The radius of the cylindrical vase is 8 centimeters, if the cylindrical vase holds 8,038.4 cubic centimeters of water and the height of the vase is 40 centimeters.

Step-by-step explanation:

The given is,

                 Volume of cylindrical vase = 8038.4 cubic centimeters

                 Height of the cylindrical vase = 40 centimeters

Step:1

                Formula for volume of cylindrical vase,

                                     Volume, V=\pi r^{2} h......................(1)

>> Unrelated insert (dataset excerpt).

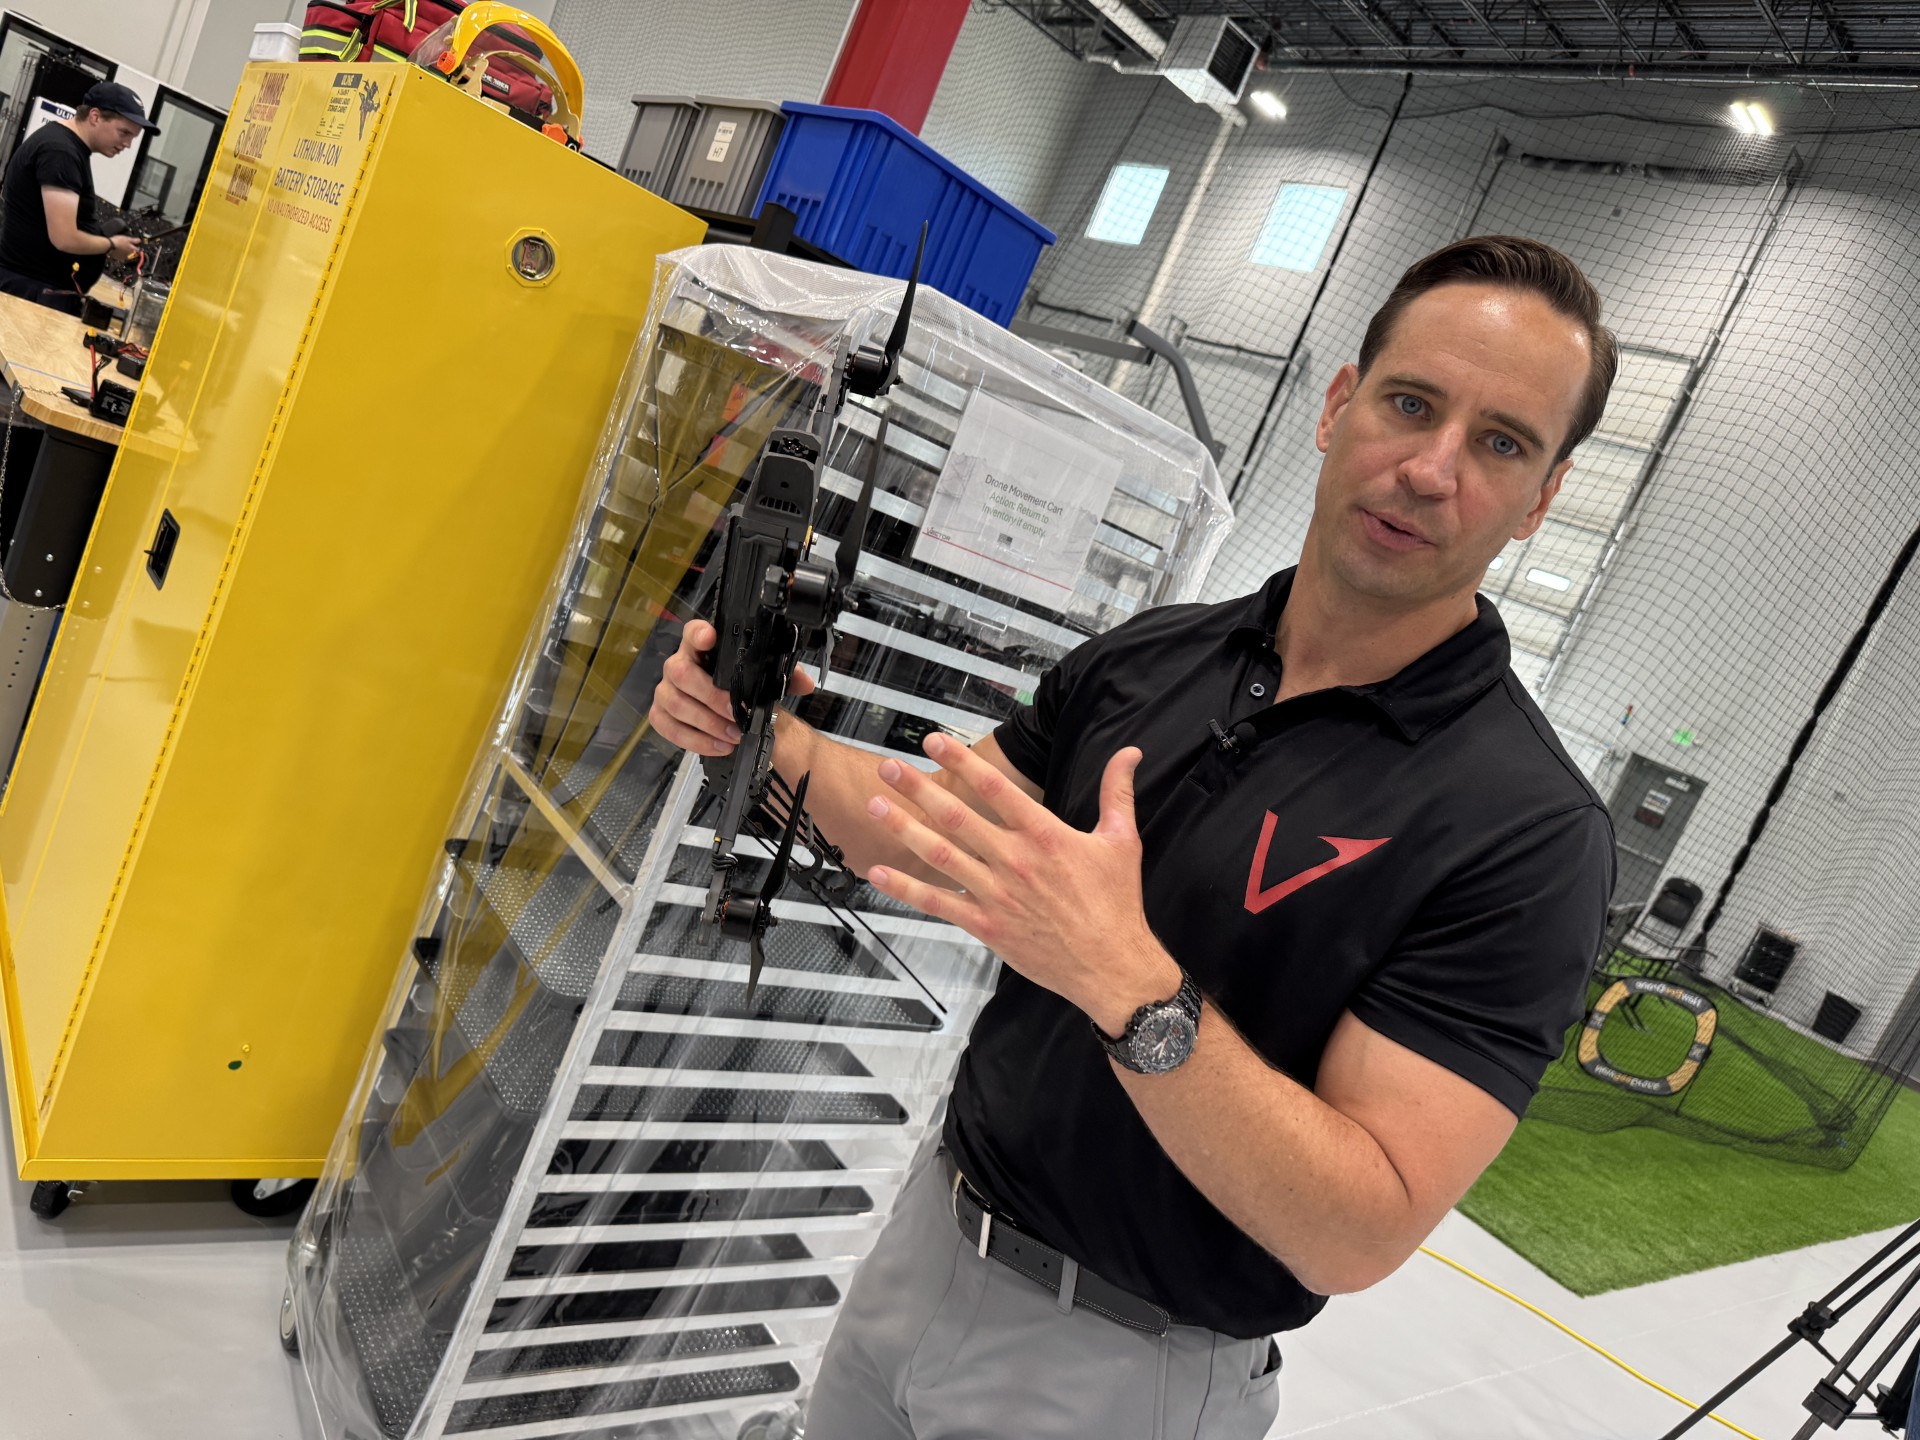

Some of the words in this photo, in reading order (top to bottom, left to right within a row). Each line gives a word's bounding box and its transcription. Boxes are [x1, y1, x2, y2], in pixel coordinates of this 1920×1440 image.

               Where, r - Radius of cylindrical vase

                           h - Height of cylindrical vase  

                From the given,

                                      V = 8038.4 cubic centimeters

                                      h = 40  centimeters  

                Equation (1) becomes,

                             8038.4 = \pi r^{2}  40

                                          =(3.14)(40)r^{2}                               (∵ \pi = 3.14 )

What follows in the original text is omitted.